Extracted data entries ::
*** Begin section ***

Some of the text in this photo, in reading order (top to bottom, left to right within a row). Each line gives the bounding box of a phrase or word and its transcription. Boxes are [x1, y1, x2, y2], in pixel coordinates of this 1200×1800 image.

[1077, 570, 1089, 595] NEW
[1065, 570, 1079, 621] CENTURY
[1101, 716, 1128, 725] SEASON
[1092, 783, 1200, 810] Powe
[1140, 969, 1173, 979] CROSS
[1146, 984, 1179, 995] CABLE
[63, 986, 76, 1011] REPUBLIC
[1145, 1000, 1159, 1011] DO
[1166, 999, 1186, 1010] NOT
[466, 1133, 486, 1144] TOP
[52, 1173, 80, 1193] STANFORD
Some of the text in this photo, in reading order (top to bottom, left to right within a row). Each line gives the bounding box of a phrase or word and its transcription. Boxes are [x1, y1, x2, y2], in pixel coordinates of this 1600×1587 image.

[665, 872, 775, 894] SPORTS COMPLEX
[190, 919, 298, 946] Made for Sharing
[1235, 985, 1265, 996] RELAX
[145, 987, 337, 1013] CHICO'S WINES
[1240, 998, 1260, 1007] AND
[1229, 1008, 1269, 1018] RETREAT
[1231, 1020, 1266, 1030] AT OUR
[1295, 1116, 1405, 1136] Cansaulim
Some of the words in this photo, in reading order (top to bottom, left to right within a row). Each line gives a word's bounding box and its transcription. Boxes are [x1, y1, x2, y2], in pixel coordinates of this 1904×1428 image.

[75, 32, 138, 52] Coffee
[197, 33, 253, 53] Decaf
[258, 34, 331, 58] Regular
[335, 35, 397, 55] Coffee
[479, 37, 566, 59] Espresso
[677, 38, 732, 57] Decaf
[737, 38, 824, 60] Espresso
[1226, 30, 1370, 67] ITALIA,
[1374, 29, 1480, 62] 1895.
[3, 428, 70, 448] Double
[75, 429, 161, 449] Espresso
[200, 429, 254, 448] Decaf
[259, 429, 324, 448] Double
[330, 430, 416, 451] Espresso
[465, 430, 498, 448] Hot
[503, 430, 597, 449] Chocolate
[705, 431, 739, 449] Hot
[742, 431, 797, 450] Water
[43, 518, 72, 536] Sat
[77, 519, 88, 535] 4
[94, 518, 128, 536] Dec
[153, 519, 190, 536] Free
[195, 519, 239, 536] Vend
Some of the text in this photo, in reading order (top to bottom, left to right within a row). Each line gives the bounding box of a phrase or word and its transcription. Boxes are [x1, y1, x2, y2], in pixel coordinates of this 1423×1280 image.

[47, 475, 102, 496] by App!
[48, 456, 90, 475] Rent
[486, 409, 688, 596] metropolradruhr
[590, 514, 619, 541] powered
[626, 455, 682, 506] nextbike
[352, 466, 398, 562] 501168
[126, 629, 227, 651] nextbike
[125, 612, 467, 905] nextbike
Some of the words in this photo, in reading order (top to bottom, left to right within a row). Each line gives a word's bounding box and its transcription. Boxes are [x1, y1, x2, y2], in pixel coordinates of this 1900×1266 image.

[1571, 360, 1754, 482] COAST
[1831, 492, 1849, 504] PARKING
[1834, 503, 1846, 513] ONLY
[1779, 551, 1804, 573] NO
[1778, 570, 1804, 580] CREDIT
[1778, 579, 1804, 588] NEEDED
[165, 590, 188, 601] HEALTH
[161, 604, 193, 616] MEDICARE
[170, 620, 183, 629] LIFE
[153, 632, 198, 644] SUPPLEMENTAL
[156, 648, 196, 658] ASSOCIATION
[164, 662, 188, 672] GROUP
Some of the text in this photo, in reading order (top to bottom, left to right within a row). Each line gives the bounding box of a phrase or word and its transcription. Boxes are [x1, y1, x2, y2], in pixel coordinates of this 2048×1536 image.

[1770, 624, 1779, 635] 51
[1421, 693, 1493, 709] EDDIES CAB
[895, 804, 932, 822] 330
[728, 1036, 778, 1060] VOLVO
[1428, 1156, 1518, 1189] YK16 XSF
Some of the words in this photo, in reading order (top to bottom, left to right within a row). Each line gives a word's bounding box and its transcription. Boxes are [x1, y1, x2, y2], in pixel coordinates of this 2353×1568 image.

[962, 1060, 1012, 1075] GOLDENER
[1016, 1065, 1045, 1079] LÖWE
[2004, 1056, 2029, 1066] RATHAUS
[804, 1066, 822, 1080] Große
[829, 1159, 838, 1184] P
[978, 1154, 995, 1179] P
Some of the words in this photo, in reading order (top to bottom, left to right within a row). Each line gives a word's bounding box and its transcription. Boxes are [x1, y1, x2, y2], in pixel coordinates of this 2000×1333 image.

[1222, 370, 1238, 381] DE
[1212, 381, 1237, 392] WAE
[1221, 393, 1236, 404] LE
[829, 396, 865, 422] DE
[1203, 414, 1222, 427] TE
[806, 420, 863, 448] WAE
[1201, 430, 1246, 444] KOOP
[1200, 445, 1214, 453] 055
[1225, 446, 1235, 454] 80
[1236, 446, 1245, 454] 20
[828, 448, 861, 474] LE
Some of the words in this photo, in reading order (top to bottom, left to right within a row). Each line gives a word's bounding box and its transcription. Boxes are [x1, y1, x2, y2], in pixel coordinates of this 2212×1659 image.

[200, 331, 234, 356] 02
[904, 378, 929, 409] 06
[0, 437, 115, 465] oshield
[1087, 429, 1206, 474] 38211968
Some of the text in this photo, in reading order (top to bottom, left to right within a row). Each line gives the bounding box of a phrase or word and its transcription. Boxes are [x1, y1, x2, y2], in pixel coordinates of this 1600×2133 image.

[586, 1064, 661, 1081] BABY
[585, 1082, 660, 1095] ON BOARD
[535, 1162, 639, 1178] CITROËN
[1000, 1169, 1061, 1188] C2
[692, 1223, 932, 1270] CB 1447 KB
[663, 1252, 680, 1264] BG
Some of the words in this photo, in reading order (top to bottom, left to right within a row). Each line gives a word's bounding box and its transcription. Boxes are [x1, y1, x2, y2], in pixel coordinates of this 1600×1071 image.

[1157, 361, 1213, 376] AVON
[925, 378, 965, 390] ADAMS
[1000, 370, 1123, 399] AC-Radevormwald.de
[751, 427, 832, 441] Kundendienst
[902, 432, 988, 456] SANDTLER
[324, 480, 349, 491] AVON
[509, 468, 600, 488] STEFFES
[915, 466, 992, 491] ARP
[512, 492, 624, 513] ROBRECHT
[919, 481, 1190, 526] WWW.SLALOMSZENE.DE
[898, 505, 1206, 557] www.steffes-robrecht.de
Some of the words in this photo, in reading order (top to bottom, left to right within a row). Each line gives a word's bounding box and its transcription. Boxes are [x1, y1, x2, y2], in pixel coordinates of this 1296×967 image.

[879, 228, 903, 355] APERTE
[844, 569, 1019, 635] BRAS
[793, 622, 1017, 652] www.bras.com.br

*** End section ***

WHAT YOU HAVE TO DO ::
Keeping every line exactly as it is, copy all the records.

RESPONSE AREA ::
Some of the text in this photo, in reading order (top to bottom, left to right within a row). Each line gives the bounding box of a phrase or word and its transcription. Boxes are [x1, y1, x2, y2], in pixel coordinates of this 1200×1800 image.

[1077, 570, 1089, 595] NEW
[1065, 570, 1079, 621] CENTURY
[1101, 716, 1128, 725] SEASON
[1092, 783, 1200, 810] Powe
[1140, 969, 1173, 979] CROSS
[1146, 984, 1179, 995] CABLE
[63, 986, 76, 1011] REPUBLIC
[1145, 1000, 1159, 1011] DO
[1166, 999, 1186, 1010] NOT
[466, 1133, 486, 1144] TOP
[52, 1173, 80, 1193] STANFORD
Some of the text in this photo, in reading order (top to bottom, left to right within a row). Each line gives the bounding box of a phrase or word and its transcription. Boxes are [x1, y1, x2, y2], in pixel coordinates of this 1600×1587 image.

[665, 872, 775, 894] SPORTS COMPLEX
[190, 919, 298, 946] Made for Sharing
[1235, 985, 1265, 996] RELAX
[145, 987, 337, 1013] CHICO'S WINES
[1240, 998, 1260, 1007] AND
[1229, 1008, 1269, 1018] RETREAT
[1231, 1020, 1266, 1030] AT OUR
[1295, 1116, 1405, 1136] Cansaulim
Some of the words in this photo, in reading order (top to bottom, left to right within a row). Each line gives a word's bounding box and its transcription. Boxes are [x1, y1, x2, y2], in pixel coordinates of this 1904×1428 image.

[75, 32, 138, 52] Coffee
[197, 33, 253, 53] Decaf
[258, 34, 331, 58] Regular
[335, 35, 397, 55] Coffee
[479, 37, 566, 59] Espresso
[677, 38, 732, 57] Decaf
[737, 38, 824, 60] Espresso
[1226, 30, 1370, 67] ITALIA,
[1374, 29, 1480, 62] 1895.
[3, 428, 70, 448] Double
[75, 429, 161, 449] Espresso
[200, 429, 254, 448] Decaf
[259, 429, 324, 448] Double
[330, 430, 416, 451] Espresso
[465, 430, 498, 448] Hot
[503, 430, 597, 449] Chocolate
[705, 431, 739, 449] Hot
[742, 431, 797, 450] Water
[43, 518, 72, 536] Sat
[77, 519, 88, 535] 4
[94, 518, 128, 536] Dec
[153, 519, 190, 536] Free
[195, 519, 239, 536] Vend
Some of the text in this photo, in reading order (top to bottom, left to right within a row). Each line gives the bounding box of a phrase or word and its transcription. Boxes are [x1, y1, x2, y2], in pixel coordinates of this 1423×1280 image.

[47, 475, 102, 496] by App!
[48, 456, 90, 475] Rent
[486, 409, 688, 596] metropolradruhr
[590, 514, 619, 541] powered
[626, 455, 682, 506] nextbike
[352, 466, 398, 562] 501168
[126, 629, 227, 651] nextbike
[125, 612, 467, 905] nextbike
Some of the words in this photo, in reading order (top to bottom, left to right within a row). Each line gives a word's bounding box and its transcription. Boxes are [x1, y1, x2, y2], in pixel coordinates of this 1900×1266 image.

[1571, 360, 1754, 482] COAST
[1831, 492, 1849, 504] PARKING
[1834, 503, 1846, 513] ONLY
[1779, 551, 1804, 573] NO
[1778, 570, 1804, 580] CREDIT
[1778, 579, 1804, 588] NEEDED
[165, 590, 188, 601] HEALTH
[161, 604, 193, 616] MEDICARE
[170, 620, 183, 629] LIFE
[153, 632, 198, 644] SUPPLEMENTAL
[156, 648, 196, 658] ASSOCIATION
[164, 662, 188, 672] GROUP
Some of the text in this photo, in reading order (top to bottom, left to right within a row). Each line gives the bounding box of a phrase or word and its transcription. Boxes are [x1, y1, x2, y2], in pixel coordinates of this 2048×1536 image.

[1770, 624, 1779, 635] 51
[1421, 693, 1493, 709] EDDIES CAB
[895, 804, 932, 822] 330
[728, 1036, 778, 1060] VOLVO
[1428, 1156, 1518, 1189] YK16 XSF
Some of the words in this photo, in reading order (top to bottom, left to right within a row). Each line gives a word's bounding box and its transcription. Boxes are [x1, y1, x2, y2], in pixel coordinates of this 2353×1568 image.

[962, 1060, 1012, 1075] GOLDENER
[1016, 1065, 1045, 1079] LÖWE
[2004, 1056, 2029, 1066] RATHAUS
[804, 1066, 822, 1080] Große
[829, 1159, 838, 1184] P
[978, 1154, 995, 1179] P
Some of the words in this photo, in reading order (top to bottom, left to right within a row). Each line gives a word's bounding box and its transcription. Boxes are [x1, y1, x2, y2], in pixel coordinates of this 2000×1333 image.

[1222, 370, 1238, 381] DE
[1212, 381, 1237, 392] WAE
[1221, 393, 1236, 404] LE
[829, 396, 865, 422] DE
[1203, 414, 1222, 427] TE
[806, 420, 863, 448] WAE
[1201, 430, 1246, 444] KOOP
[1200, 445, 1214, 453] 055
[1225, 446, 1235, 454] 80
[1236, 446, 1245, 454] 20
[828, 448, 861, 474] LE
Some of the words in this photo, in reading order (top to bottom, left to right within a row). Each line gives a word's bounding box and its transcription. Boxes are [x1, y1, x2, y2], in pixel coordinates of this 2212×1659 image.

[200, 331, 234, 356] 02
[904, 378, 929, 409] 06
[0, 437, 115, 465] oshield
[1087, 429, 1206, 474] 38211968
Some of the text in this photo, in reading order (top to bottom, left to right within a row). Each line gives the bounding box of a phrase or word and its transcription. Boxes are [x1, y1, x2, y2], in pixel coordinates of this 1600×2133 image.

[586, 1064, 661, 1081] BABY
[585, 1082, 660, 1095] ON BOARD
[535, 1162, 639, 1178] CITROËN
[1000, 1169, 1061, 1188] C2
[692, 1223, 932, 1270] CB 1447 KB
[663, 1252, 680, 1264] BG
Some of the words in this photo, in reading order (top to bottom, left to right within a row). Each line gives a word's bounding box and its transcription. Boxes are [x1, y1, x2, y2], in pixel coordinates of this 1600×1071 image.

[1157, 361, 1213, 376] AVON
[925, 378, 965, 390] ADAMS
[1000, 370, 1123, 399] AC-Radevormwald.de
[751, 427, 832, 441] Kundendienst
[902, 432, 988, 456] SANDTLER
[324, 480, 349, 491] AVON
[509, 468, 600, 488] STEFFES
[915, 466, 992, 491] ARP
[512, 492, 624, 513] ROBRECHT
[919, 481, 1190, 526] WWW.SLALOMSZENE.DE
[898, 505, 1206, 557] www.steffes-robrecht.de
Some of the words in this photo, in reading order (top to bottom, left to right within a row). Each line gives a word's bounding box and its transcription. Boxes are [x1, y1, x2, y2], in pixel coordinates of this 1296×967 image.

[879, 228, 903, 355] APERTE
[844, 569, 1019, 635] BRAS
[793, 622, 1017, 652] www.bras.com.br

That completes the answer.